— Теперь ты нас навряд ли выдашь… — он криво усмехается, абсолютно довольный собой, и выглядывает за дымоход.

Мне требуется время, чтобы прийти в себя, но его практически нет: Алисейд тянет меня за руку, тем самым показывая, что путь свободен.

Мы где-то перебежками, где-то спокойным шагом проходим по крышам ещё два квартала, сохраняя приятное молчание, но в какой-то миг с высокой башни минарета нас всё-таки замечают двое лучников…

Городские пейзажи вновь сливаются перед моими глазами, которые слезятся от ветра, пока мы стремительно бежим, пытаясь уйти от новой погони — к несущимся за нами солдатам присоединяется всё больше людей из подкрепления.

И в какой-то момент — сама не понимаю, как — мы оказываемся в той части города, где я живу.

Как и не понимаю и не осознаю до конца того, что в пылу бега коротко восклицаю Алисейду: «Сюда!» Обхитрив стражу, мы устремляемся к двери моего собственного дома…

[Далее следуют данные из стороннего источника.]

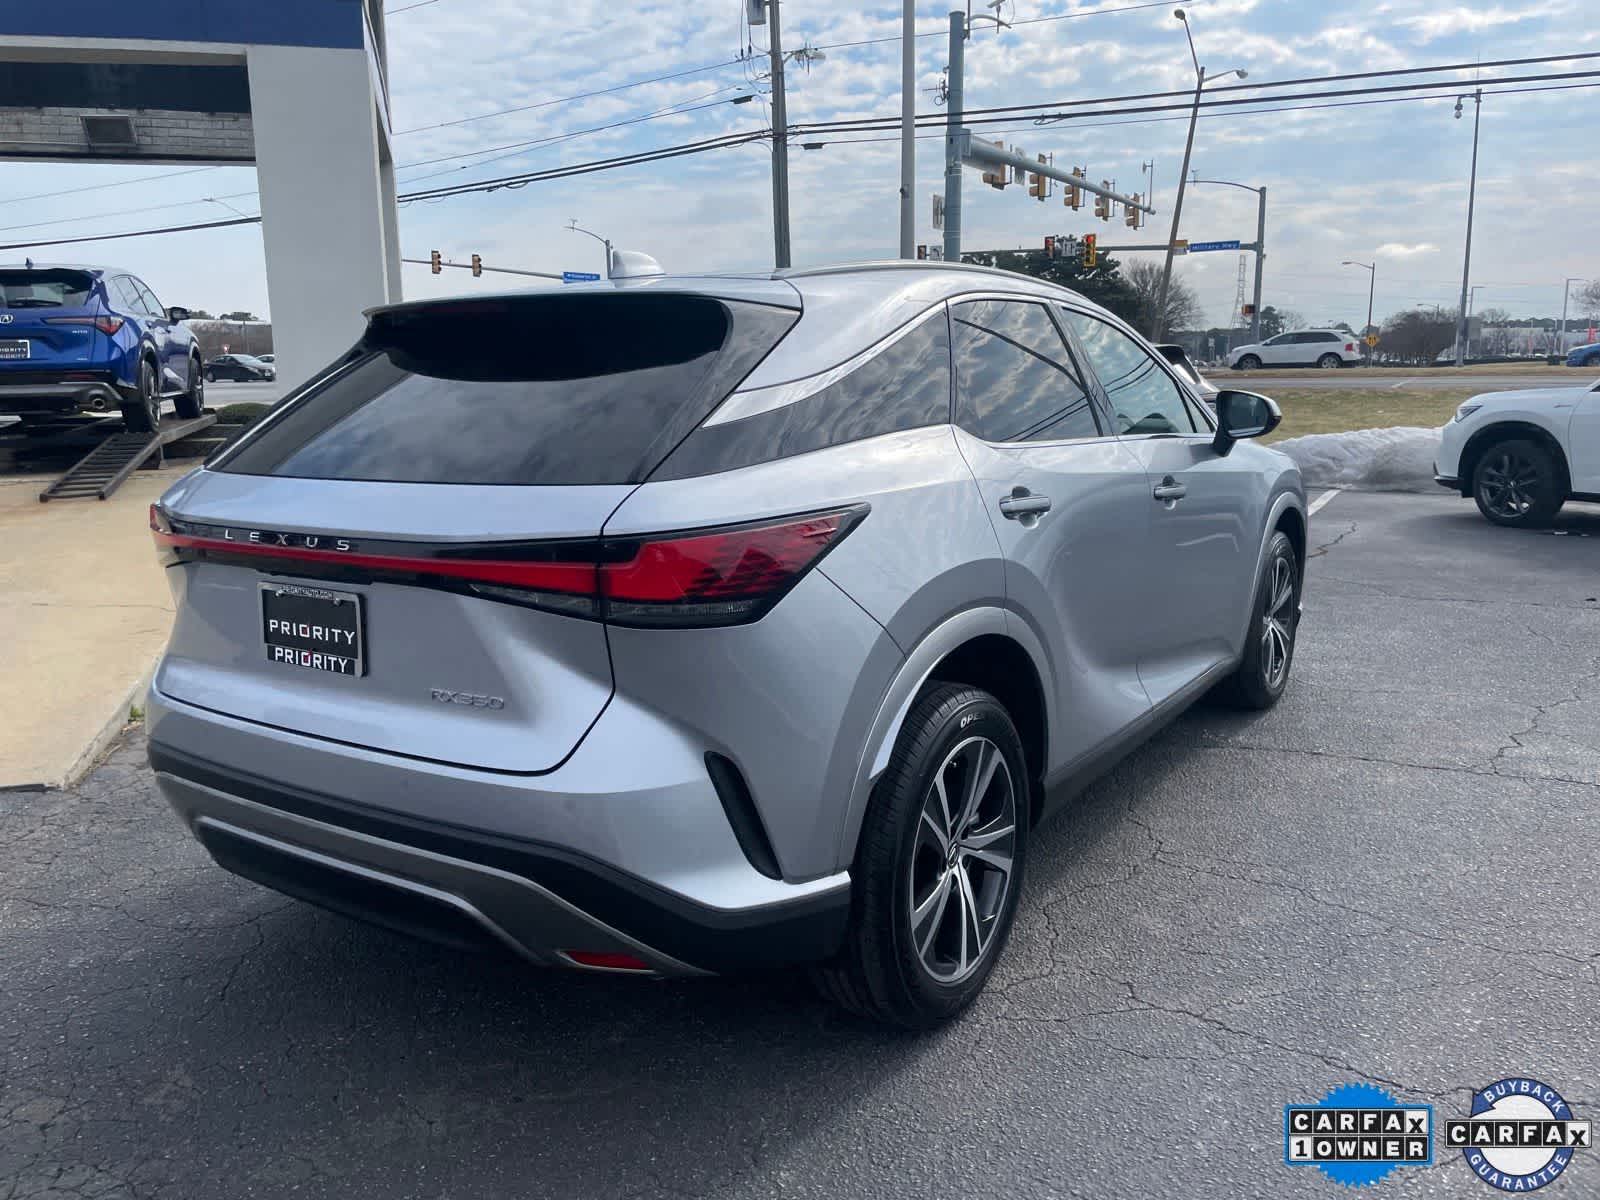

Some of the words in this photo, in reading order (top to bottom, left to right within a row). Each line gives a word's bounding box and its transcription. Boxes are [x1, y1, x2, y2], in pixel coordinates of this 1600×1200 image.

[224, 528, 350, 551] LEXUS
[269, 618, 356, 645] PRIORITY
[274, 646, 348, 673] PRIORITY

Я ещё не знаю, что размышления насчёт долгой и тяжёлой ночи окажутся в некотором роде пророческими, правда, совершенно не в том смысле, который в них закладывала изначально…

Цепочка на теле

Алисейд

Сквозь бряцанье стальных нагрудников и мечей стражи сзади я слышу, как Сурайя что-то кричит в мою сторону.

Скорее инстинктивно, нежели действительно уловив её фразу, резко сворачиваю за ней так, что под сапогами поднимается вихрь осевшей на крышах пыли. Мы преодолеваем довольно низкую постройку и оказываемся на земле — пока лучники и воины пытаются спрыгнуть за нами, мы получаем небольшую фору.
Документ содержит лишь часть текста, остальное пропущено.